It’s a testament to the infectiousness of Colwin’s enthusiasm that her recipes seem appealing even though the food she described was often unappealing to the point of being categorically gross – and she knew it. Her favorite foods include mashed vegetable fritters, meatloaf, steamed puddings, and the jelly that surrounds cold leftover meat, spread on toast and eaten for breakfast.

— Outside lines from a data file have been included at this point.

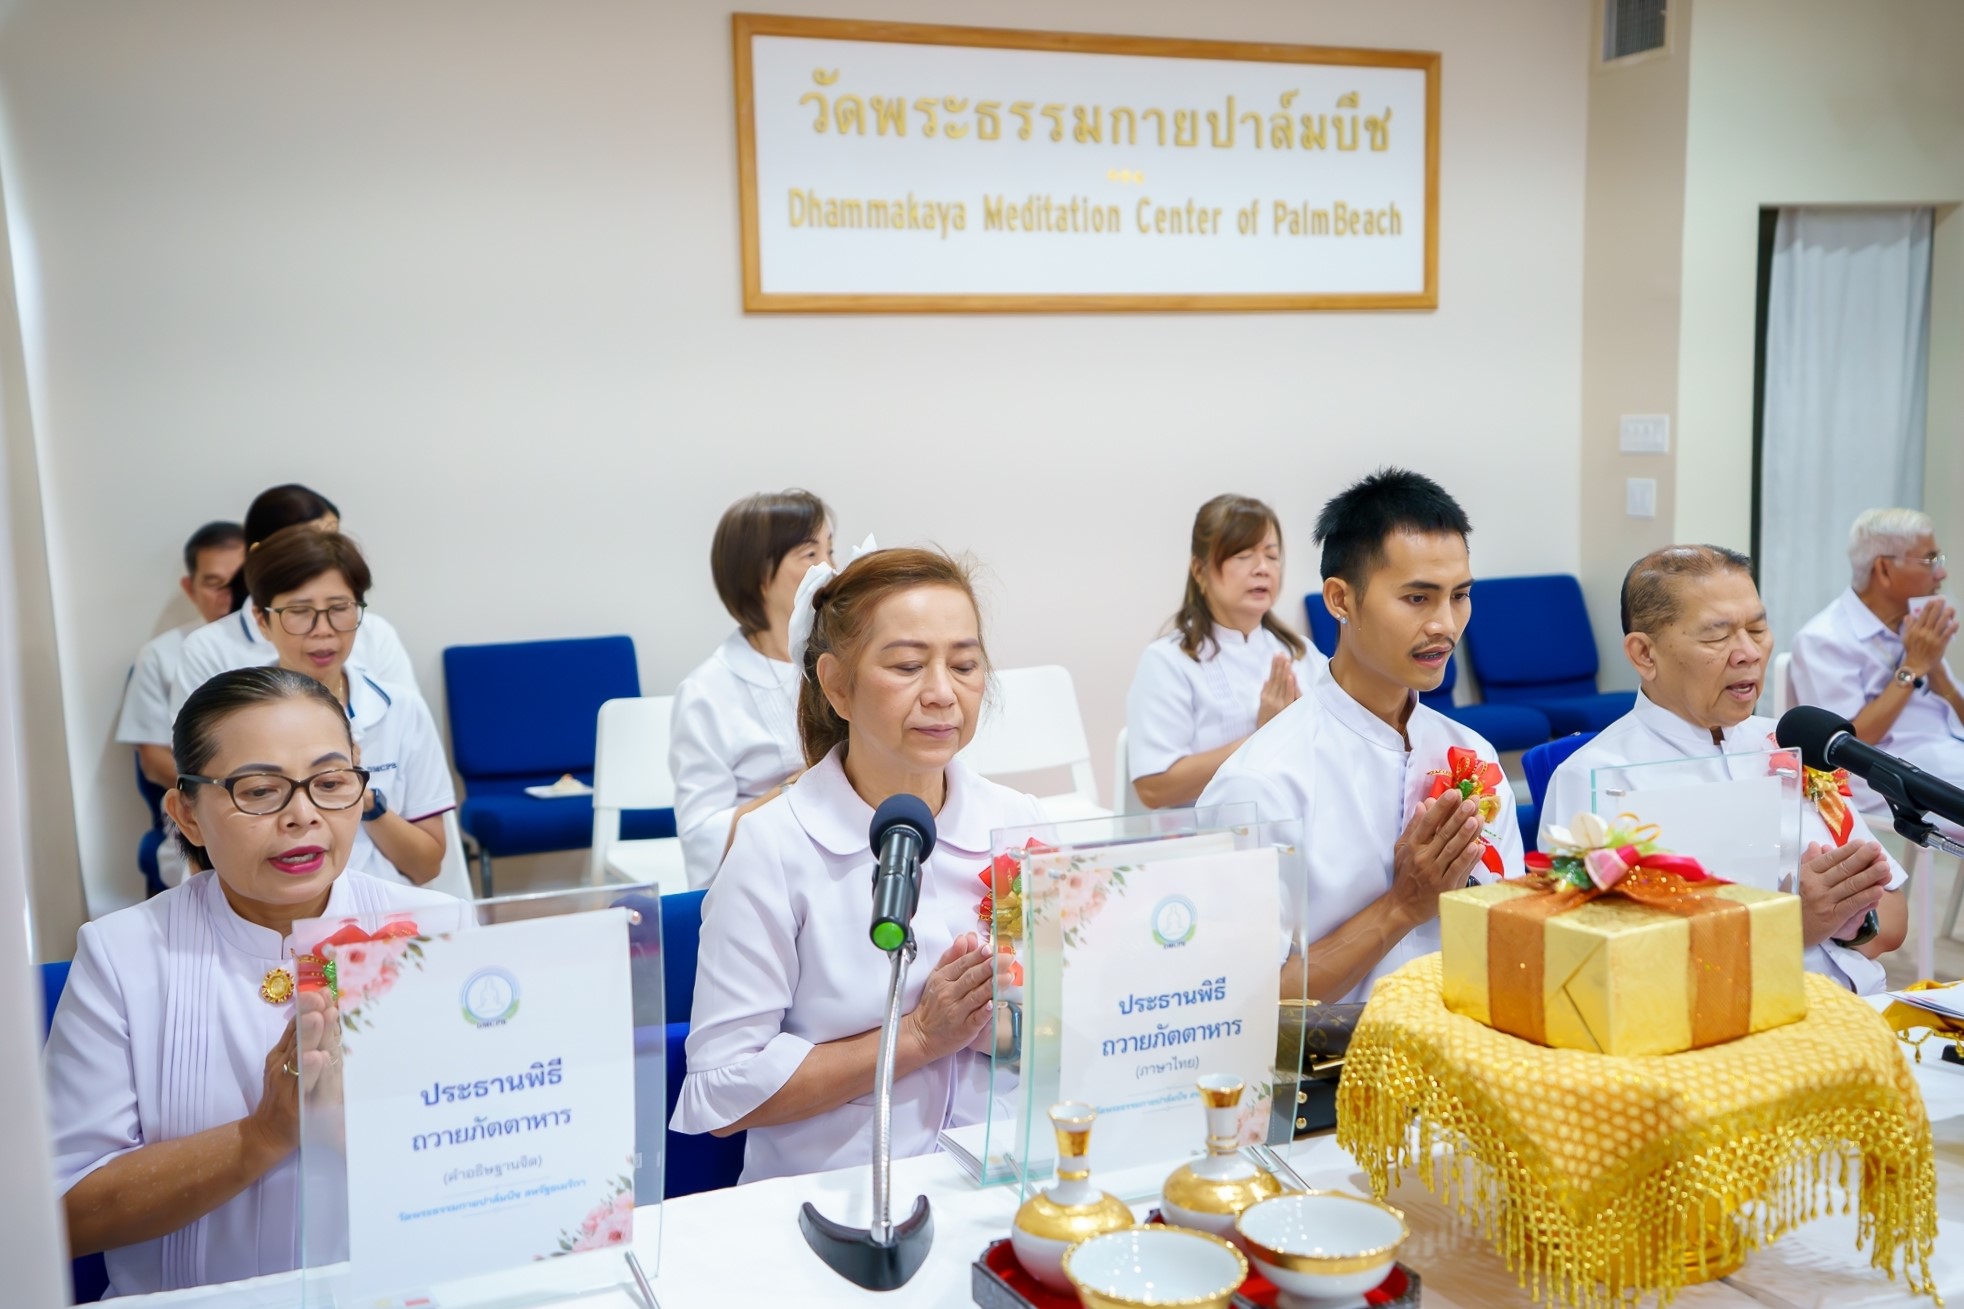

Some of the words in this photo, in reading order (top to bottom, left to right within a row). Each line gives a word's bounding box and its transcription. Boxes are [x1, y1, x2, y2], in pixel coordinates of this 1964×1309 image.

[798, 66, 1394, 152] วัดพระธรรมกายปาล์มบีช
[787, 187, 967, 240] Dhammakaya
[983, 193, 1121, 234] Meditation
[1136, 195, 1223, 236] Center
[1236, 198, 1261, 237] of
[1272, 199, 1404, 238] PalmBeach
[1118, 976, 1226, 1015] ประธานพิธี
[1102, 1019, 1243, 1057] ถวายภัตตาหาร
[420, 1056, 563, 1107] ประธานพิธี
[1135, 1055, 1200, 1080] (ภาษาไทย)
[411, 1107, 572, 1152] ถวายภัตตาหาร

Her enthusiasm for fermented Chinese black beans is boundless, and in several of her recipes these salty, pungent beans are combined with cheese, or yams. “A cold steak sandwich is sort of disgusting, but it is also sort of wonderful,” she confesses, after specifying that this sandwich must include the hardened cold meat drippings, plus butter, because “this is a recipe for people whose cholesterol is too low.” And “Chicken salad has a certain glamour about it.” In a chapter titled “Kitchen Horrors,” she includes a recipe for something called Suffolk Pond Pudding, a suet-heavy British dish that a horrified guest describes as tasting “like lemon-flavored bacon fat.” “I ate almost the entire pudding myself,” she gleefully reports. It’s also refreshing to read a cookbook written by someone who unabashedly confesses to having made baked chicken and a particular creamed spinach casserole literally every time dinner guests came over — for years.

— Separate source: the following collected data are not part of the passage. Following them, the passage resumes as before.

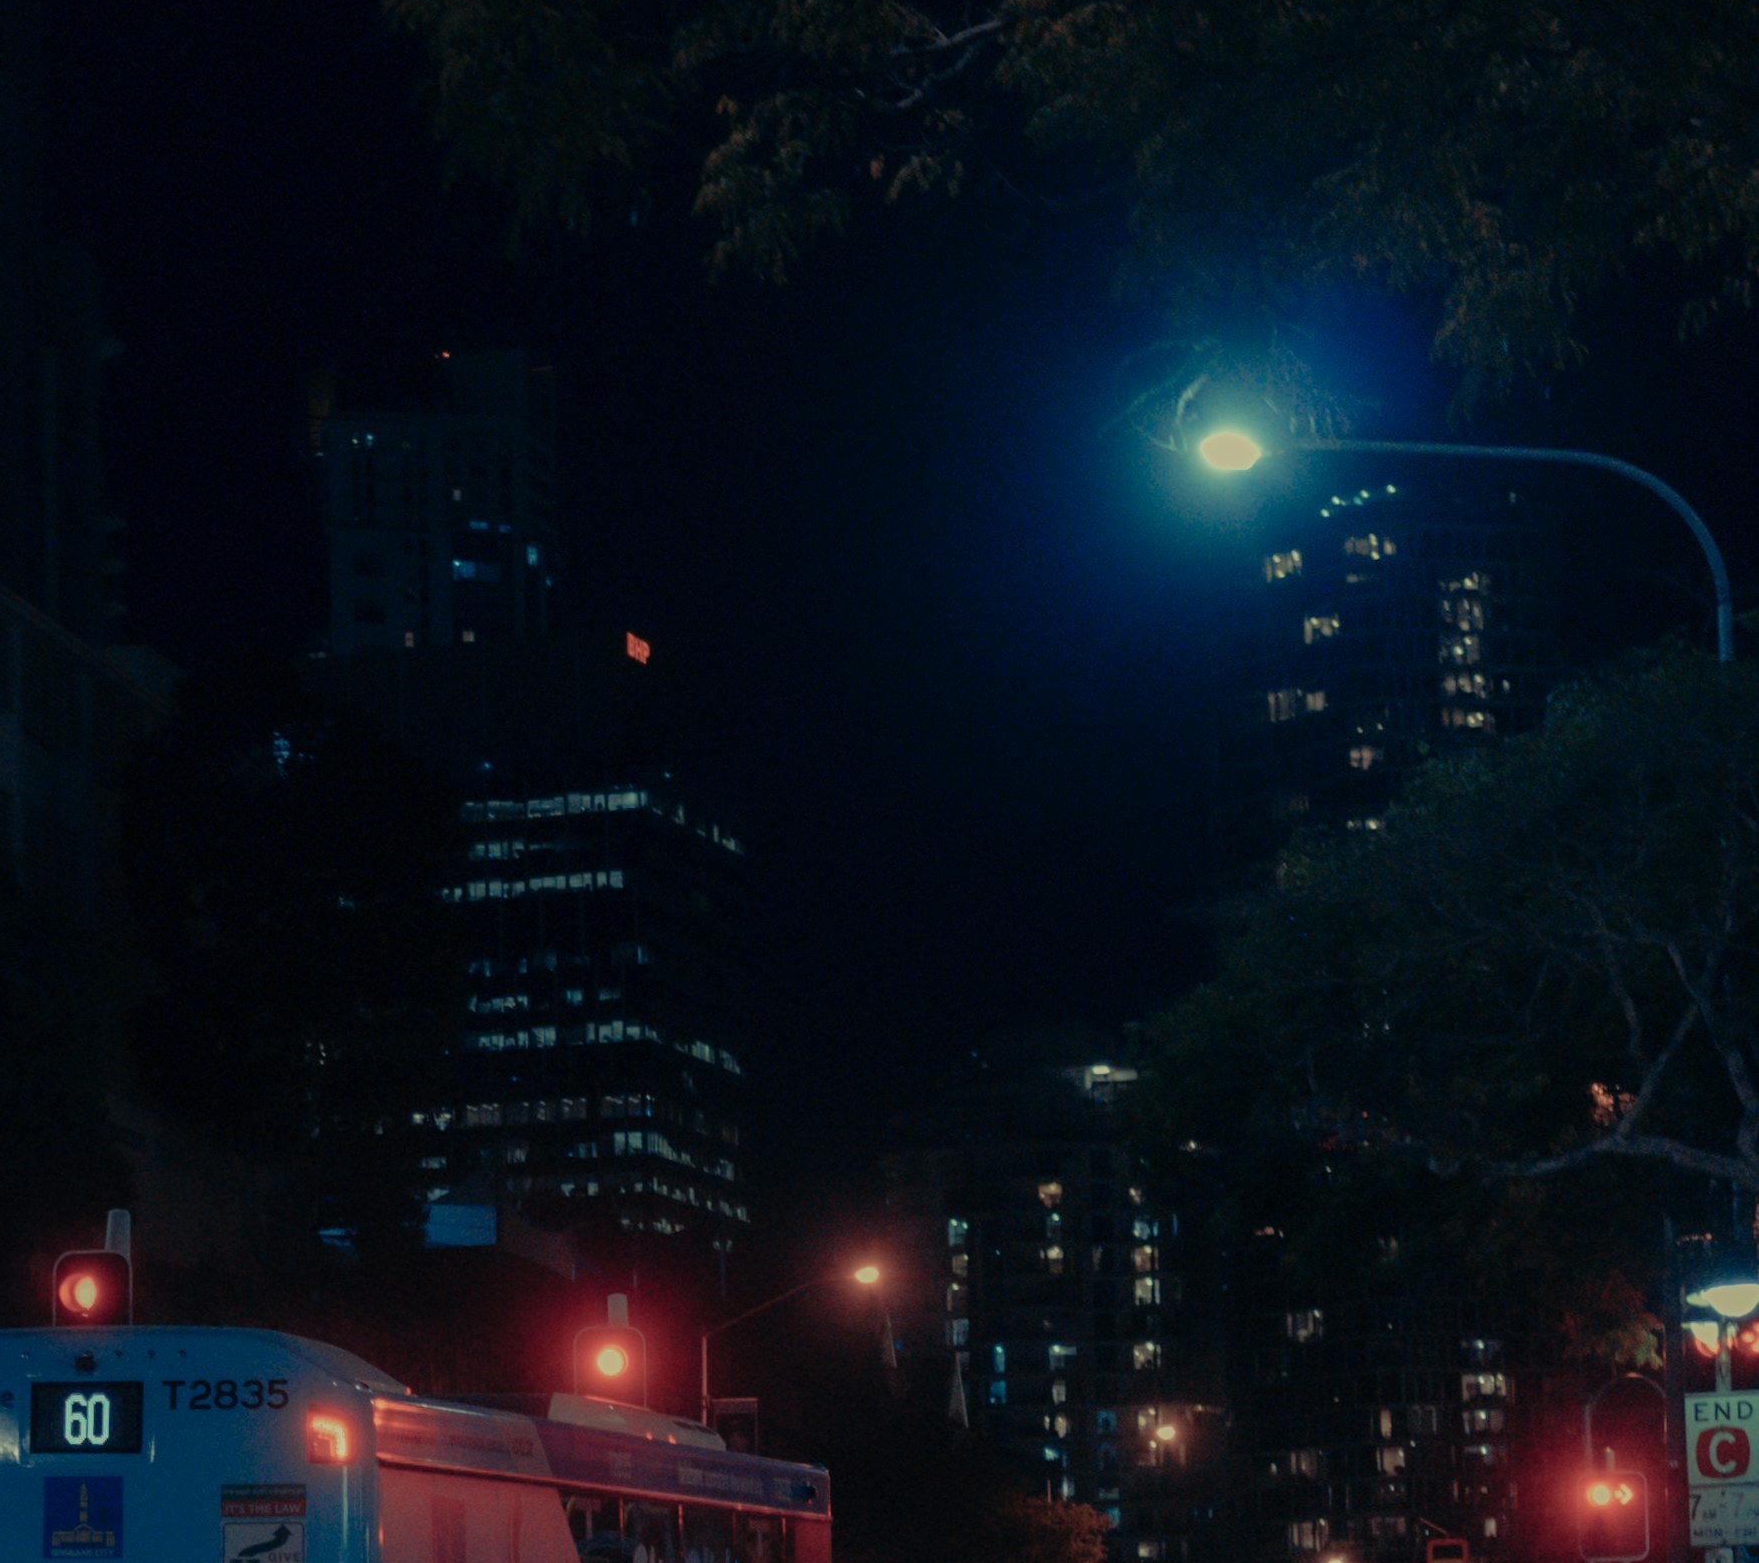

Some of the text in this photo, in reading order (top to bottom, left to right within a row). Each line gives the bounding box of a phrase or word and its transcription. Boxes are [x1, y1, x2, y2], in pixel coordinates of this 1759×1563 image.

[163, 1379, 289, 1410] T2835
[65, 1393, 110, 1445] 60
[1694, 1401, 1753, 1421] END
[1709, 1431, 1738, 1474] C
[248, 1502, 272, 1514] THE
[275, 1502, 302, 1514] LAW
[1690, 1493, 1702, 1520] 7
[268, 1552, 301, 1562] GIVE

This essential weirdness translates to a sense of unlimited permission, which might be why Colwin is especially beloved to people who, like her, specialize in writing non-expert, enthusiastic reports from the front lines of cooking trial and error – in other words, food bloggers. Indeed, some of them see her less as influence than as a sort of spiritual ancestor.
-Friend of the blog Emily Gould on Laurie Colwin.